It’s not hard to understand, therefore, the combination of disgust and ennui, occasionally erupting in electoral revolt, with which voters regard their governors’ performance. The modern public sector’s failure to spend tax dollars as competently and efficiently as reasonable voters expect creates a crisis of confidence across the developed world.
The remedies are elusive, because the roots lie in conflicting expectations of government; in politicians’ and bureaucrats’ attempts to reconcile the impossible conflicts— increasingly driven by an “enforcement mentality” or a “low trust/low expectation culture” internally. Since the 1980s, a large international literature— with several Canadian analysts, notably Peter Aucoin and Donald Savoie, as pre-eminent contributors— has grown. It seeks to understand what mechanisms of salvaging confidence and improving performance by government might be developed. It is not an optimistic academic discipline.

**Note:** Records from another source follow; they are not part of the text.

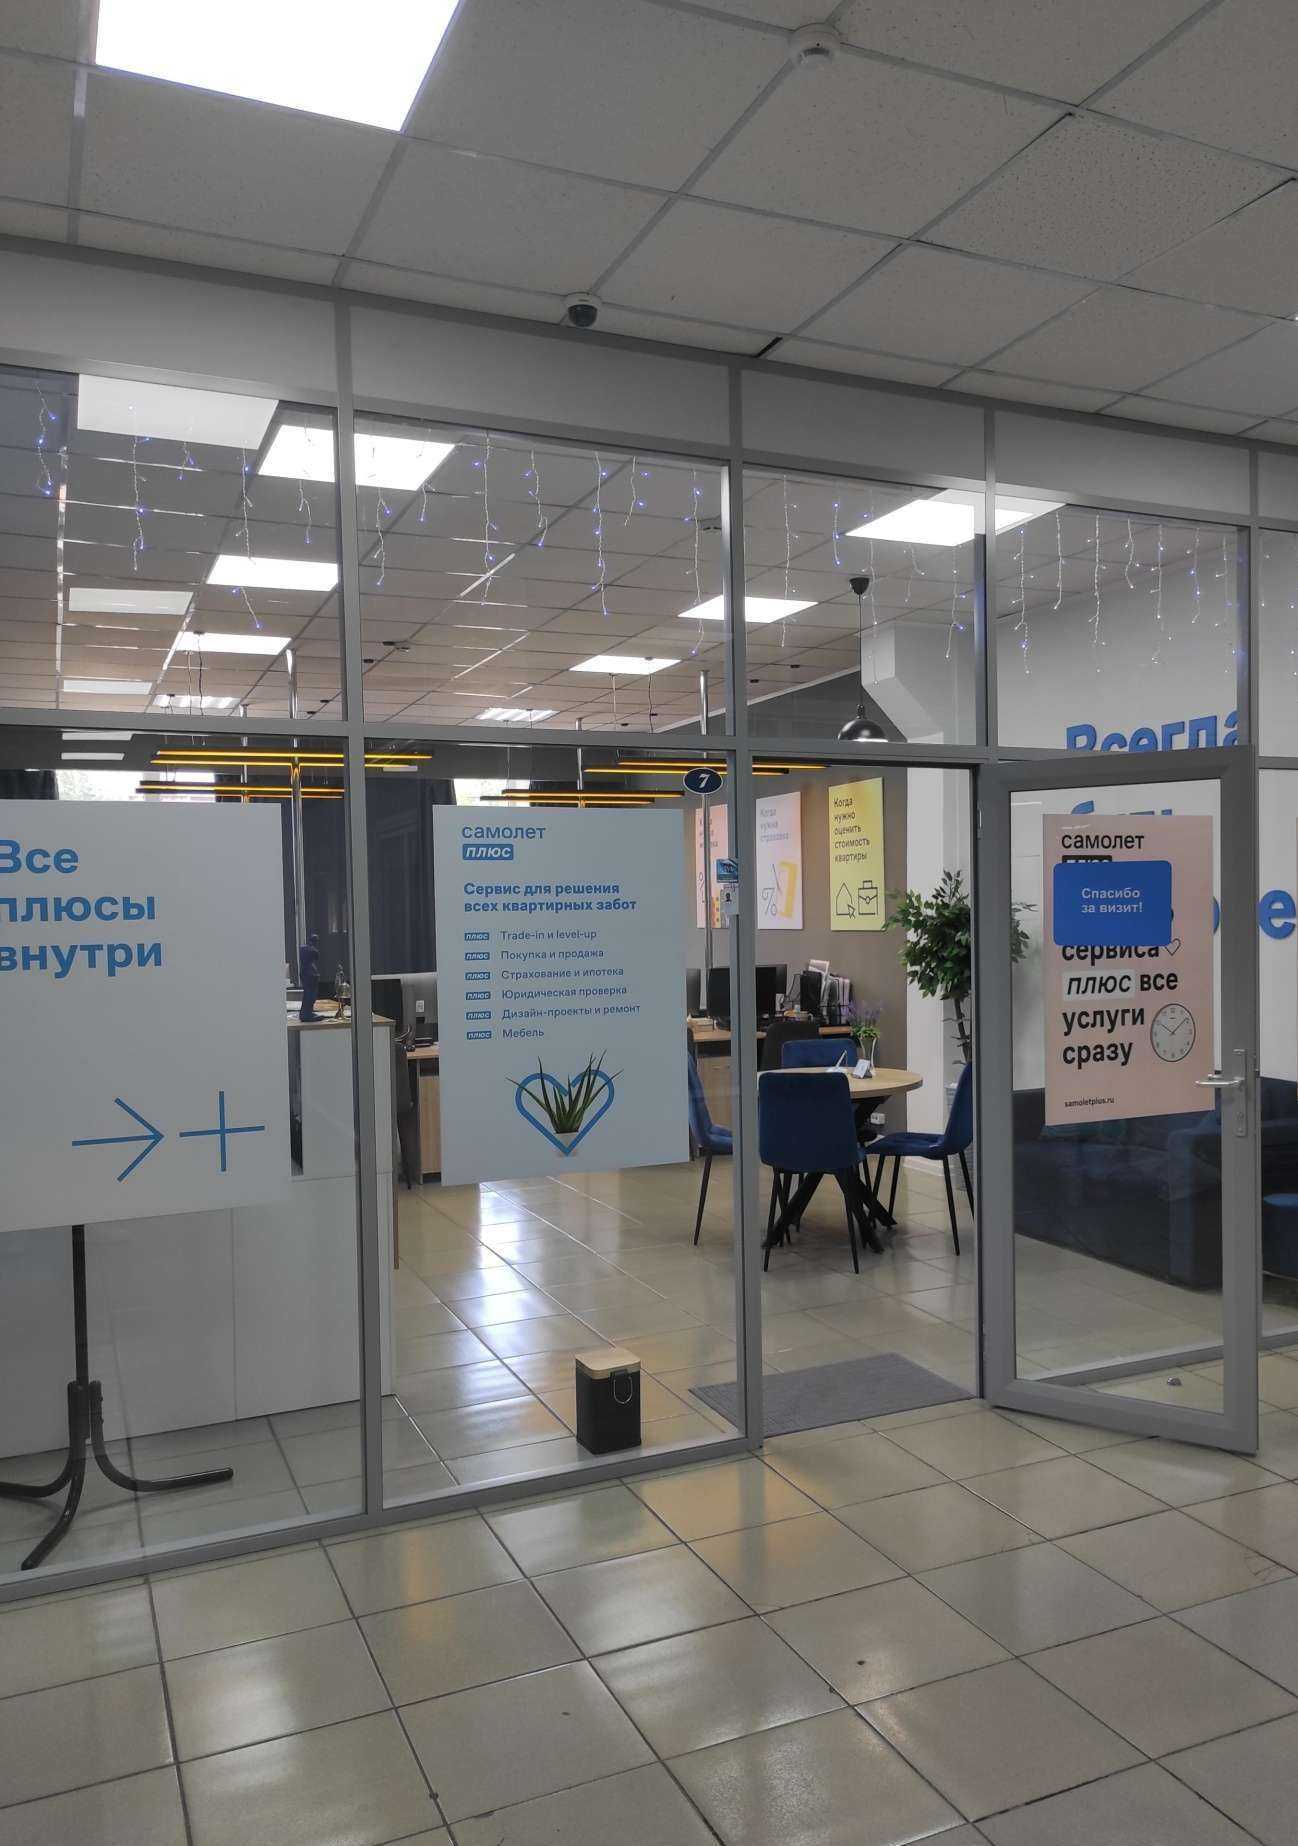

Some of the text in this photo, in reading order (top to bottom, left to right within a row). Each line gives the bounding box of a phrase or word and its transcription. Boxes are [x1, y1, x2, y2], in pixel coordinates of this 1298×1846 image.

[699, 774, 710, 788] 7
[462, 826, 546, 840] самолет
[834, 838, 870, 848] стоимость
[1062, 834, 1144, 849] самолет
[0, 840, 79, 874] Все
[464, 846, 512, 858] плюс
[464, 882, 620, 897] Сервис для решения
[1082, 887, 1140, 899] Спасибо
[0, 896, 156, 922] плюсы
[464, 898, 636, 914] всех квартирных забот
[1082, 902, 1143, 913] за визит!
[500, 930, 545, 940] Trade-in
[556, 930, 597, 940] level-up
[0, 943, 162, 979] внутри
[501, 950, 546, 961] Покупка
[559, 950, 604, 959] продажа
[1062, 944, 1159, 966] сервиса
[501, 970, 572, 981] Страхование
[583, 968, 624, 977] ипотека
[1067, 972, 1178, 995] плюс все
[466, 987, 627, 1000] плюс Юридическая проверка
[502, 1006, 592, 1020] Дизайн-проекты
[604, 1005, 641, 1015] ремонт
[1062, 1008, 1145, 1036] услуги
[467, 1028, 544, 1040] плюс Мебель
[1062, 1042, 1133, 1069] сразу
[1065, 1097, 1114, 1107] samoletplus.ru

That politicians of all stripes bear a great share of the responsibility for this huge gap between expectations and government performance is indisputable. Here is a surprisingly candid and cynical Paul Martin on the irritation of mandarins about the incoherence of the Chrétien government’s famous Red Book promises, as quoted by David Good:
Don’t tell me what’s in the Red Book…I wrote the goddamn thing. And I know a lot of it is crap. The goddamn thing was thrown together…things weren’t…thought through.
That is the policy chair, then finance minister, then PM of the government of Canada describing the seminal political guidebook for the first two terms of his government!
So how has the Conservative Party approached this holy grail of modern democracies: accountable and capable government? Well, not with humility: the government communications machine’s hyperbole trumpets were on full blast for the launch: “We are creating a new culture of accountability that will change forever the way business is done in Ottawa.” Such overblown nonsense sounds almost Martinesque.
Let us look at the four key dimensions of what this omnibus bill attempts to do: “clean up” government spending, campaign finance and lobbying, and improve openness and transparency.
On freedom of information or openness, the reviews are not even mixed. According to our guru of open government, John Reid, Canada’s information commissioner, the Bill is “the most retrograde step” since the first legislation in 1983! The Canadian Newspaper Association, not surprisingly, a decade-long champion of better “FoI” performance by government, described it as “dangerous.” The Bill adds an array of new excuses for government to withhold public information and punts the Reid recommendations to yet another Commons committee for study.
What went wrong? In addition to every government’s normal disclosure discomfort, an important new incentive for politicians to hide public information has grown in recent years: the media have become more confrontational in relations with government in the past 30 years. Governments began to develop defensive means of message delivery that avoid a predictably negative media filter. Thus was born the age of the government spin doctor and supercharged government “message management.” Thus spun, the media came to distrust government’s versions of events more deeply, increasing the mistrust on both sides. To defend their credibility, the media focus even more on the negative process story or spin behind a government claim, rather than on the substance of the policy or political message.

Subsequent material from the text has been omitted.